Identification of Harmful Video Content Using Movie Trailers and Machine Learning
Every content has a criterion of appropriate age and maturity. Imagine, what if a kid gets hold of a video showing violent death or accidents? It would ruin the child’s mental state and bring harm to his psychology. So, these kinds of contents must be kept away from their reach. A research paper from the Swedish Media Council has brought up a new approach to the automatic identification of harmful content, by considering an audio and video content separately, and using human-annotated data as a guiding index for material that may disturb the viewers.The paper also talks about the need for machine learning systems to take account of the entire context of a scene, and illustrate the many ways that innocuous content such as humorous or satirical could be misinterpreted as harmful in a less sophisticated and multimodal approach to the video analysis.

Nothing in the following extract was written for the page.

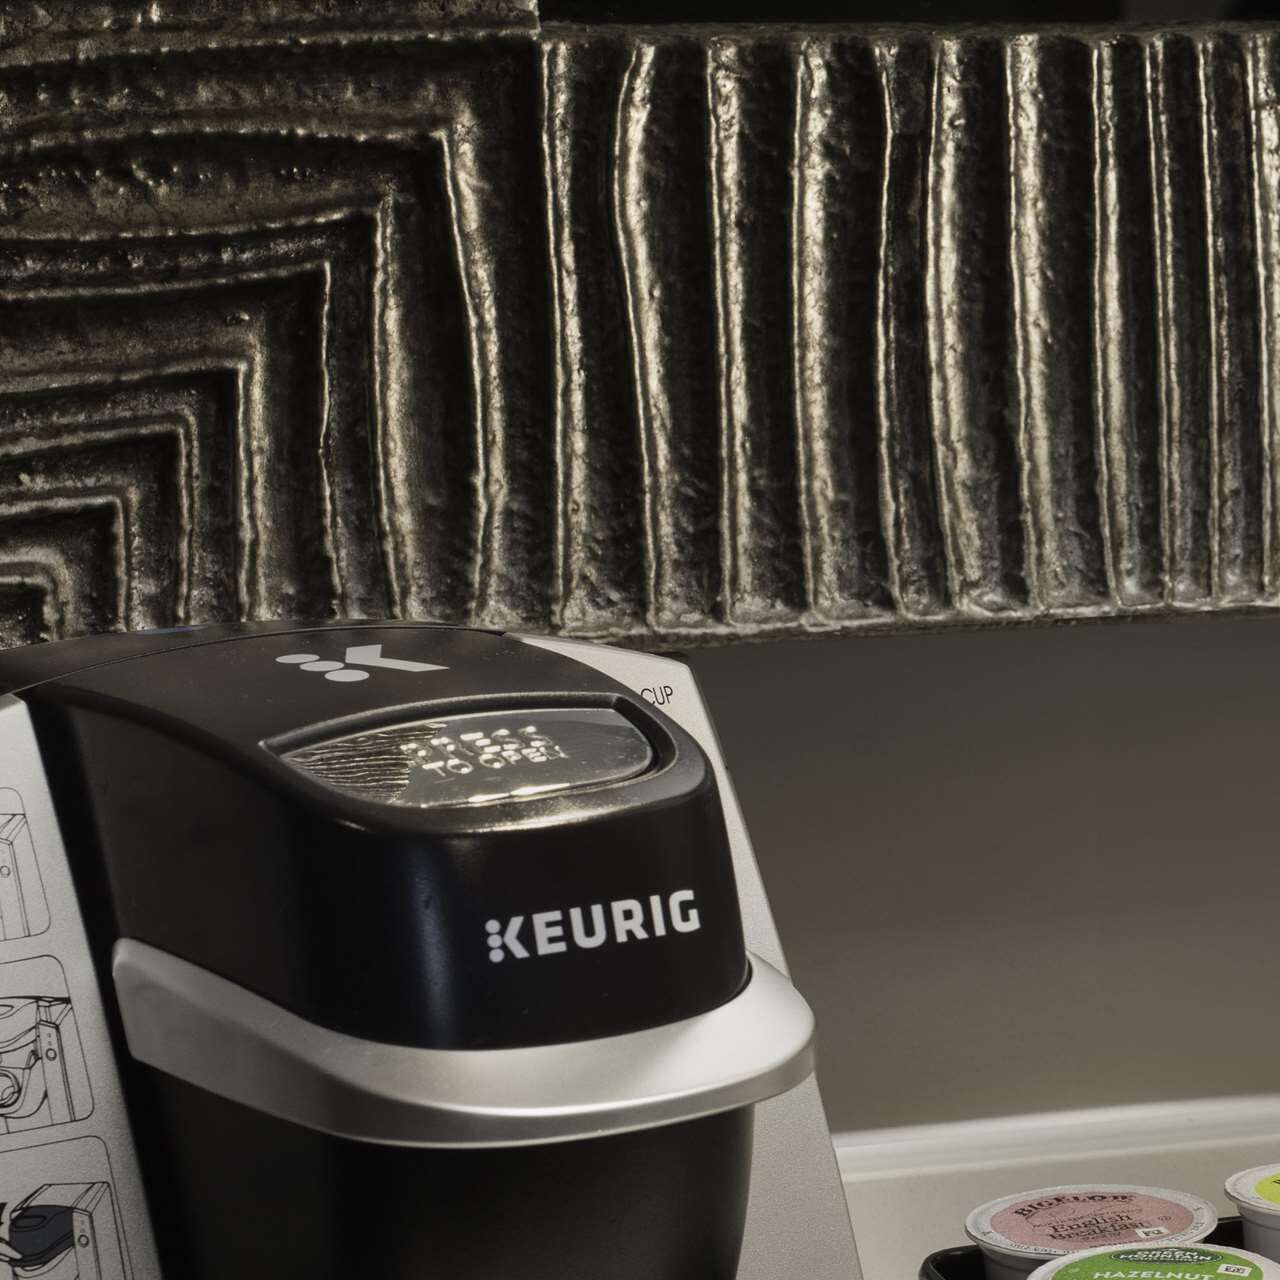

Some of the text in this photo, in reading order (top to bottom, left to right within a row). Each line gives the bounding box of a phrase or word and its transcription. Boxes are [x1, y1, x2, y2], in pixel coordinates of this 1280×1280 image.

[486, 889, 700, 963] KEURIG
[1051, 1213, 1132, 1233] English
[1093, 1271, 1216, 1280] HAZELNUT
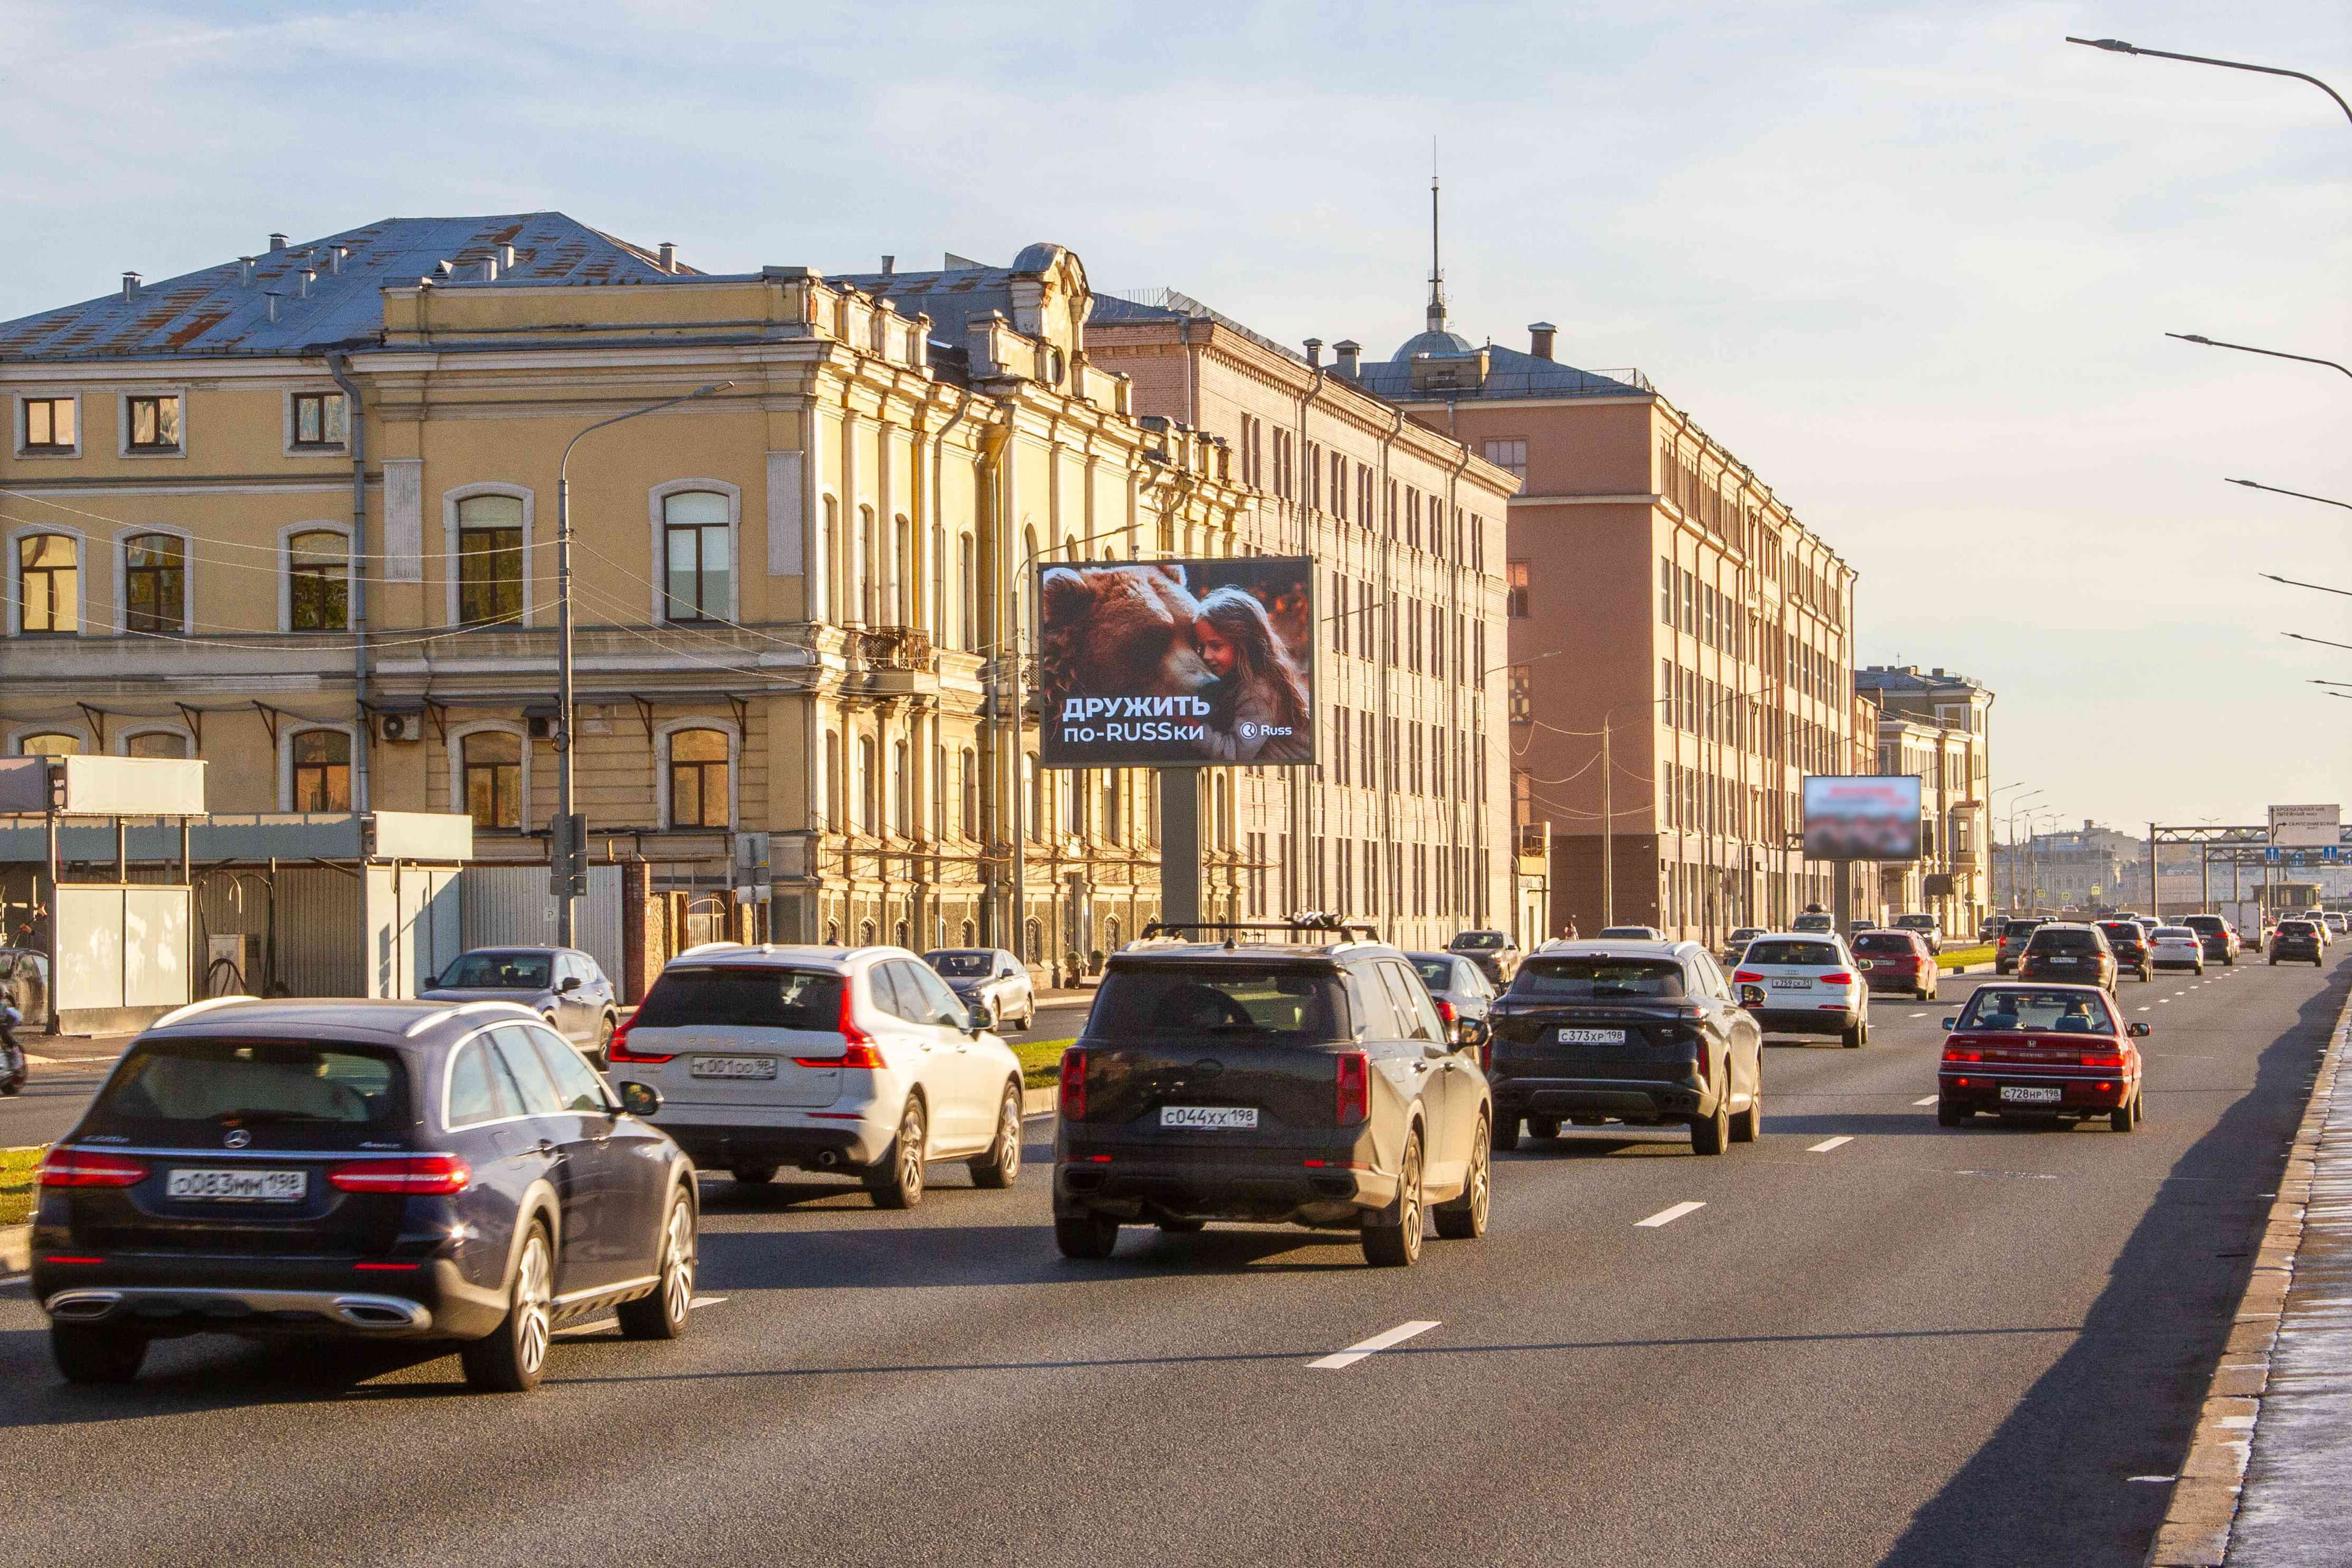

The observations of research
The researchers have noted that useful developments in this sector have been impeded by the copyright protection of motion pictures, which makes the creation of generalized open source datasets problematic. They have also observed that to date, similar experiments have suffered from a sparsity of labels for full-length movies, which has led to prior work oversimplifying the contributing data, or keying on only one aspect of the data, such as dominant colors or dialogue analysis.
The ‘harmful’ content
Under the Swedish system of film classification, ‘harmful’ content is defined based on its possible propensity to produce feelings of anxiety, fear, and other negative effects in children. The researchers have noted that since this ratings system involves as much intuition and instinct as science, the parameters for the definition of ‘harmful content’ are difficult to quantize and instill into an automated system. The paper further observes that earlier machine learning and algorithmic systems addressing this challenge have used specific facet detection as a criterion. It includes the visual detection of blood and flames, the sound of bursting, and the frequency of shot length, among other restricted definitions of harmful content. The current multi-domain approach seems likely to offer a better methodology for automatic rating of harmful content.
The technology behind the research
The Swedish researchers have trained an 8×8 50-layered neural network model on the Kinetics-400 human movement benchmark dataset, and created an architecture designed to fuse video and audio predictions. In effect to this, the use of trailers solves three problems for the creation of a dataset of this nature. It obviates copyright issues of increased turbulence and higher shot frequency of trailers. It allows for a greater frequency of annotation; and it ensures that the low incidence of violent or disturbing content in an entire movie does not unbalance the dataset and accidentally class it as suitable for children.